RI-Indiana Alliance to help small businesses

The Jakarta Post, Jakarta

The United States Committee of the Indonesian Chamber of Commerce and Industry (Kadin) and the Indonesia-Indiana Alliance signed a cooperation agreement in Washington on Thursday to develop small enterprises, notably in agribusiness, and to promote exports and tourism.

The five-year cooperation agreement will serve as an umbrella for businesspeople in Indonesia and their counterparts in the state of Indiana and in the U.S in general to establish joint ventures, partnerships and other forms of business alliances.

"This agreement is one of the results of President Megawati Soekarnoputri's visit to the U.S. in September," said the committee's chairman Tony Agus Ardie at the signing ceremony at the Indonesian embassy.

Tony and Daniel S. Emerson, president of the Indonesia-Indiana Alliance, signed the cooperation accord in the presence of Indiana's Governor Frank O'Bannon and Indonesia's charge d'affaires Samudro Sriwidjaja.

Both parties see the agreement as quite timely in view of the prolonged economic crisis in Indonesia and the pervasive mood of pessimism among the people who have been bearing the brunt since 1997, Tony said.

"This is some good news amid the daily flurry of bad news about Indonesia," Tony said in a statement sent to Jakarta.

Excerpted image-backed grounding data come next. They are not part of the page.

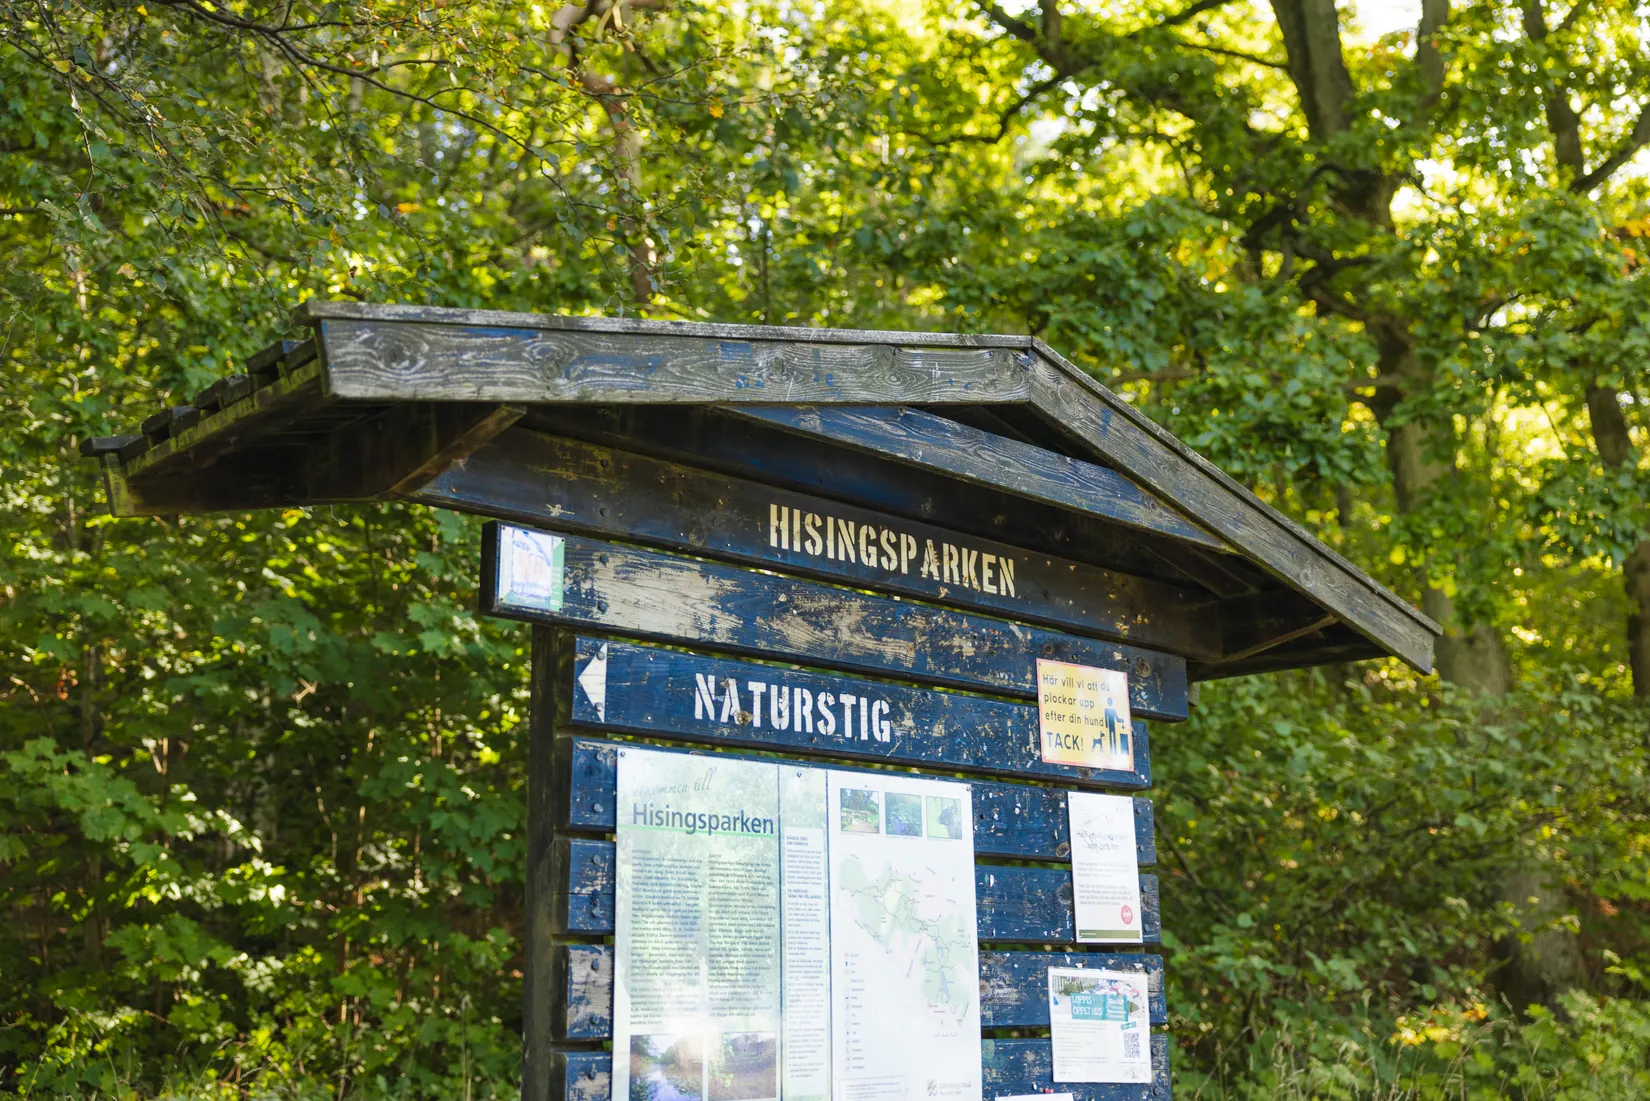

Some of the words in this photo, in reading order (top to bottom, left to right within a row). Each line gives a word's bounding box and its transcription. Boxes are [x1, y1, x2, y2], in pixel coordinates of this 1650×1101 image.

[769, 503, 1016, 598] HISINGSPARKEN
[1043, 673, 1058, 685] Här
[1061, 676, 1074, 688] vill
[1077, 679, 1084, 689] vi
[1087, 682, 1098, 692] att
[1101, 681, 1111, 692] du
[694, 673, 891, 743] NATURSTIG
[1044, 693, 1077, 706] plockar
[1080, 699, 1095, 710] upp
[1045, 710, 1066, 722] efter
[1069, 713, 1082, 724] din
[1085, 715, 1104, 727] hund
[1046, 731, 1084, 752] TACK!
[694, 766, 717, 791] till
[633, 802, 774, 836] Hisingsparken
[1091, 1007, 1103, 1016] HUS

He asserted that the cooperation would deliberately focus on the development of small businesses and the promotion of tourism and exports as they are now the most promising sectors for fueling a stronger economic recovery in Indonesia.

Concentrating on small business is a deliberate turnaround from the conglomerate-led growth strategy of development which ended in 1997 with the multi-dimensional crisis that the nation is still confronting, he said.

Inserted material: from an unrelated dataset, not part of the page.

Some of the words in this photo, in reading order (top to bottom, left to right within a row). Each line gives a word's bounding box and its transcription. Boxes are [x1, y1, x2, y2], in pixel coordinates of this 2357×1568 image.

"The growth-centered paradigm of development with its trickle- down effect had miserably failed to sustain environment-friendly and equitable development," Tony pointed out.

The growth-led strategy had instead created a wide gap between big businesses and small enterprises and cooperatives and caused social tension that could easily result in political instability, he said.

What is now urgently needed, according to Tony, is a change in the mindset of senior government officials so that they can fully realize the crucial importance of small businesses as the backbone of the economy and a provider of jobs.

He said the crisis revealed how greedy conglomerates, who had enjoyed preferential treatment, had ruined the banking industry with their mountains of bad debts and almost driven the government to bankruptcy.

Tony added that Kadin and the Indonesia-Indiana Alliance would cooperate in selecting promising small businesses for further development either through technical or financial assistance.

"Technical assistance could be in the form of quality-control consultancies to help Indonesian companies fulfill American quality standards, notably those of the Food and Drug Administration."

In addition, he added, both parties would also cooperate in helping restore Indonesia as a favored destination for American tourists since the tourism industry was largely based on local resources and had multiplier effects for the rest of the economy.